Simulated Author's Rebuttal

2 responses · 0 unresolved

We thank the referee for their positive evaluation of the paper's significance and for the constructive comments. We address each major comment point by point below, indicating the revisions we will make to improve clarity and support for our claims.

read point-by-point responses

Referee: The central claim that 31 applications are susceptible (as stated in the abstract and evaluation section) depends on the context-partition step succeeding reliably. However, the manuscript lacks a detailed analysis of the five non-vulnerable applications, including whether the partition failed or other factors intervened, and does not report on variations across different LLMs or safety mechanisms. This undermines the assessment of the attack's generality.

Authors: We agree that additional detail on the unsuccessful cases would strengthen the assessment of generality. In the revised manuscript, we will add a dedicated subsection in the evaluation section analyzing the five non-vulnerable applications. Our experimental observations indicate that context partition failed in these cases primarily due to application-specific input sanitization or output filtering that disrupted the injection prompt's ability to separate contexts, rather than issues with the payload itself. Regarding variations across LLMs and safety mechanisms, the 36 tested applications represent a diverse set of real-world deployments, each integrating different backend LLMs and built-in safeguards. The consistent success of HouYi across this heterogeneous collection provides evidence of broad applicability. We will explicitly discuss this diversity and the black-box constraints that limit per-LLM instrumentation in the revision. revision: yes
Referee: In the section describing HouYi, the injection prompt is presented as inducing context partition without quantitative evidence or examples showing its effectiveness across diverse applications or its resistance to existing safeguards, which is essential for supporting the severe attack outcomes claimed.

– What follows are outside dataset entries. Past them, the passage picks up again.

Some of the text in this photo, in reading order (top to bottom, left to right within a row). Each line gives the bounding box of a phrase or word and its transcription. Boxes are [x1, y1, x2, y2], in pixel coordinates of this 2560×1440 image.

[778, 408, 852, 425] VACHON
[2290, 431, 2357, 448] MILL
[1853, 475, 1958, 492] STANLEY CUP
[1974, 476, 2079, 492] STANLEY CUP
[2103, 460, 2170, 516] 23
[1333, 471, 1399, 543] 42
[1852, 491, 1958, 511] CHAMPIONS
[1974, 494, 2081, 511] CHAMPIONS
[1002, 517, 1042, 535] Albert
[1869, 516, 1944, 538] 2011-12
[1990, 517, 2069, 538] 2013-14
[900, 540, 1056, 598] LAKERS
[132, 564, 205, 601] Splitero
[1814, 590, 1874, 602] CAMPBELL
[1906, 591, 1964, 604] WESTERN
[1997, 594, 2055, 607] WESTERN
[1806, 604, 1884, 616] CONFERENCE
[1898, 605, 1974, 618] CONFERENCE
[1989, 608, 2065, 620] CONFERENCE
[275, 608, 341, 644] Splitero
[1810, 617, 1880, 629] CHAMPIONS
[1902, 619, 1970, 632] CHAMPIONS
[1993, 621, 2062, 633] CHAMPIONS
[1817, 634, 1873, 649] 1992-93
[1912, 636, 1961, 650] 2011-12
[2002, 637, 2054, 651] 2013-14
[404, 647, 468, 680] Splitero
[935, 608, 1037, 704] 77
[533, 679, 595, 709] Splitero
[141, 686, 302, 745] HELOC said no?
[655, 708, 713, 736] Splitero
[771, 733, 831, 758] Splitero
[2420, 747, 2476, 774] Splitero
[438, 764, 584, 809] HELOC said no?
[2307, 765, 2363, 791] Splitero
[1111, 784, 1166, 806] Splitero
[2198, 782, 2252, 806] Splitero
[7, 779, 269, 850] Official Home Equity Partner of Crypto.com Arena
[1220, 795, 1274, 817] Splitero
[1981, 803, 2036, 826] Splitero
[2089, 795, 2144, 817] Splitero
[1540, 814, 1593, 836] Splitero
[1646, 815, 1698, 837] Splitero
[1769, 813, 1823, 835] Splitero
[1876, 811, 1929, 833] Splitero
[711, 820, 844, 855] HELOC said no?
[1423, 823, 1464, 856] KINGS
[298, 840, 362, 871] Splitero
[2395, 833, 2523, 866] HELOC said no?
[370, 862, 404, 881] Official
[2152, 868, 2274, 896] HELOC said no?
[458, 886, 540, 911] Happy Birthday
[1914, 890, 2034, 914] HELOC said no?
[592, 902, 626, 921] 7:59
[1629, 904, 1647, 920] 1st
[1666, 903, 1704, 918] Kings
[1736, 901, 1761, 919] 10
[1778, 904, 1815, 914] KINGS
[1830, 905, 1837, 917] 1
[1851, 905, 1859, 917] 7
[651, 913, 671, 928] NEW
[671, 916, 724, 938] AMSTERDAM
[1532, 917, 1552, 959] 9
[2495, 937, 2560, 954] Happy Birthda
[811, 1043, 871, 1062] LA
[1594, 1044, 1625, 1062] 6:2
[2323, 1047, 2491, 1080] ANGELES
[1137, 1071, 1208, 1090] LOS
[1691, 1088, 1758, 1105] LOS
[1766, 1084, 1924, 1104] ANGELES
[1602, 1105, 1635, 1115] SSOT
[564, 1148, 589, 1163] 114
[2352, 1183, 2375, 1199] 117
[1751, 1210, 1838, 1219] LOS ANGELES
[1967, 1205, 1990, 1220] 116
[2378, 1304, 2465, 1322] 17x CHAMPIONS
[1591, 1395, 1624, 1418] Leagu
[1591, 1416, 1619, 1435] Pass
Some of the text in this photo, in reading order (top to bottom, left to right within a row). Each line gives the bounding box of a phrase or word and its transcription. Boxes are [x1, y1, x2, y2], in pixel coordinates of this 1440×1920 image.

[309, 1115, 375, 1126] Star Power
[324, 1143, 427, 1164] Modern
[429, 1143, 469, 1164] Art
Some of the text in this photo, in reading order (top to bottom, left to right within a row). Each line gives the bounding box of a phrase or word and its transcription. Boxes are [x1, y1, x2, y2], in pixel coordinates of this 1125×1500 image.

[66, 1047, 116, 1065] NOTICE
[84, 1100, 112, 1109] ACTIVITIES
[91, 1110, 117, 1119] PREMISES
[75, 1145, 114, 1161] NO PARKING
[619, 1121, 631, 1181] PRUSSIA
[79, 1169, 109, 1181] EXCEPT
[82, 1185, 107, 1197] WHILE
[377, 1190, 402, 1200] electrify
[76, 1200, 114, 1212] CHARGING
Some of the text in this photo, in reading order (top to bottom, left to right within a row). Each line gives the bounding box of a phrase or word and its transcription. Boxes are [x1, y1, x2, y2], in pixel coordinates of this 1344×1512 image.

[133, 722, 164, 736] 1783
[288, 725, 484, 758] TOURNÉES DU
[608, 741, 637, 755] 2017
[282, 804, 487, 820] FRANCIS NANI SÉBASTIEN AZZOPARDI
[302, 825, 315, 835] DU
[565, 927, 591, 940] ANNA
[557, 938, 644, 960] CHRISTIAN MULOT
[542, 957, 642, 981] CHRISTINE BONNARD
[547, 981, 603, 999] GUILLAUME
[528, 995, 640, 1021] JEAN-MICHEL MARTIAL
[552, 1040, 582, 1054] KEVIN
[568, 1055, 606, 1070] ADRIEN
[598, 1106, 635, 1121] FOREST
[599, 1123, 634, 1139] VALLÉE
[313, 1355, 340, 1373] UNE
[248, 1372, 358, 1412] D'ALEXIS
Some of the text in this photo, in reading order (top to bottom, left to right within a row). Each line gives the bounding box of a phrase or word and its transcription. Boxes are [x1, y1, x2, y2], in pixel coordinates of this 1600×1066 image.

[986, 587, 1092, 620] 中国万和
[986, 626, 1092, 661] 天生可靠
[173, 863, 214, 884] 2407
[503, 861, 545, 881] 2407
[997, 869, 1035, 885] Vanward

Authors: We acknowledge the value of more direct supporting evidence for the injection prompt component. In the revised HouYi description, we will include concrete examples of the injection prompts (and their application-specific adaptations) along with a breakdown of observed context-partition success rates where distinguishable from overall attack outcomes. The prompt's effectiveness and resistance to safeguards are substantiated by its role in enabling attacks on 31 of 36 diverse applications despite the presence of various input validation and moderation layers. We will expand the text to quantify this where possible from our logs and discuss limitations, such as cases where stronger custom safeguards might interfere. revision: yes

Circularity Check

0 steps flagged

No circularity: empirical attack evaluation on external applications

full rationale

The paper performs an exploratory analysis of ten commercial apps, proposes HouYi as a black-box technique inspired by web injection (with three explicit components: pre-constructed prompt, context-partition injection prompt, and payload), then reports direct experimental outcomes on 36 separate real-world LLM-integrated applications (31 vulnerable). No equations, fitted parameters, self-definitional loops, or load-bearing self-citations appear in the derivation chain; the central claims rest on external testing and vendor validation rather than reducing to inputs by construction. References to prior prompt-injection literature are contextual and non-circular.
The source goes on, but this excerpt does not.